- Work request -
From the first line to the last, set down the data exactly as given.

Task inputs below:

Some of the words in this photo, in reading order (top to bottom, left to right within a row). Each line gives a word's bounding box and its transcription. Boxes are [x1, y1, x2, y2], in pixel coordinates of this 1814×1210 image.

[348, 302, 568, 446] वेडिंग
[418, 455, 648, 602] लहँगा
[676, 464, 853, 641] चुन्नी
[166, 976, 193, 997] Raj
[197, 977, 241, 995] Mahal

End of Task inputs.

- Response area -
Some of the words in this photo, in reading order (top to bottom, left to right within a row). Each line gives a word's bounding box and its transcription. Boxes are [x1, y1, x2, y2], in pixel coordinates of this 1814×1210 image.

[348, 302, 568, 446] वेडिंग
[418, 455, 648, 602] लहँगा
[676, 464, 853, 641] चुन्नी
[166, 976, 193, 997] Raj
[197, 977, 241, 995] Mahal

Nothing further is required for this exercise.